GnRHR Le plasmide double nickase (h) se compose d'une paire de plasmides appariés, conçus pour une édition hautement spécifique du locus GNRHR dans les lignées cellulaires human. Chaque plasmide exprime une nickase Cas9 D10A et un sgRNA distinct ciblant des brins d'ADN opposés au sein de GNRHR. Lorsqu'elles sont dirigées vers des sites adjacents sur des brins d'ADN opposés, les deux nickases génèrent des cassures simple brin décalées qui, ensemble, produisent une cassure double brin décalée, nécessitant une activité coordonnée sur la cible de la part des deux guides.
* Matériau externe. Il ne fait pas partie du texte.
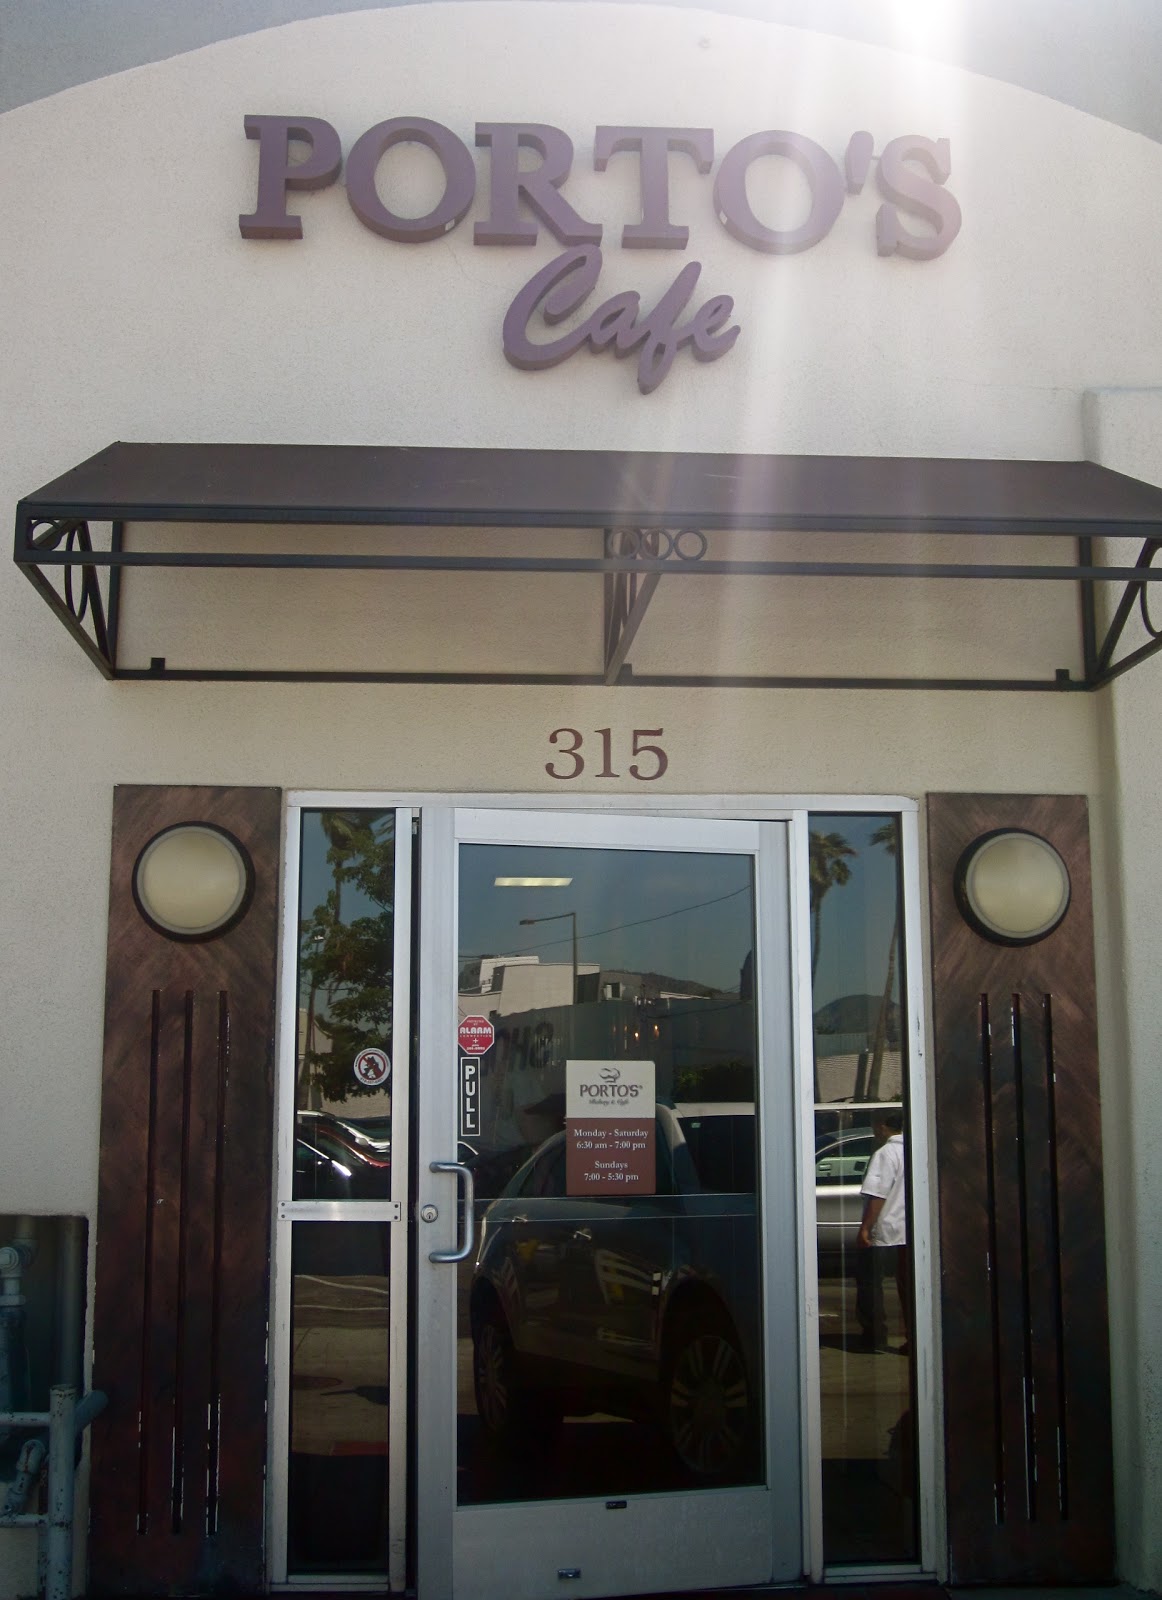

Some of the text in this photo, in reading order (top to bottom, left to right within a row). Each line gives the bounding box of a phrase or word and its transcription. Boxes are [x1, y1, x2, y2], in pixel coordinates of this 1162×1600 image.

[239, 114, 962, 261] PORTO'S
[502, 243, 741, 395] Cafe
[545, 728, 668, 780] 315
[465, 1065, 476, 1128] PULL
[579, 1084, 639, 1097] PORTO'S
[574, 1129, 607, 1139] Monday
[614, 1129, 649, 1139] Saturday
[576, 1141, 593, 1149] 6:30
[615, 1141, 631, 1149] 7:00
[632, 1143, 646, 1151] pm
[594, 1161, 629, 1170] Sundays
[584, 1173, 600, 1181] 7:00
[607, 1173, 624, 1181] 5:30
[625, 1175, 639, 1183] pm
La cassure d'ADN qui en résulte est résolue par les voies de réparation cellulaires endogènes, le plus souvent par jonction non homologue (NHEJ), ce qui conduit à des insertions ou des délétions qui perturbent la fonction de GNRHR. En nécessitant l'engagement de deux ARNsg au locus cible, l'approche par double nick améliore la spécificité de l'édition et offre une stratégie CRISPR complémentaire pour les applications où un contrôle supplémentaire de la précision du ciblage est souhaité.
Afin de faciliter l'identification efficace des cellules éditées, un plasmide code pour la GFP permettant la visualisation par fluorescence des populations transfectées, tandis que le plasmide compagnon porte un gène de résistance à la puromycine pour la sélection antibiotique. Ensemble, ces caractéristiques favorisent l'enrichissement efficace des populations co-transfectées et simplifient la validation des clones présentant une perturbation de GNRHR.
Réservé à la recherche. N'est pas destiné à un usage diagnostique ou thérapeutique.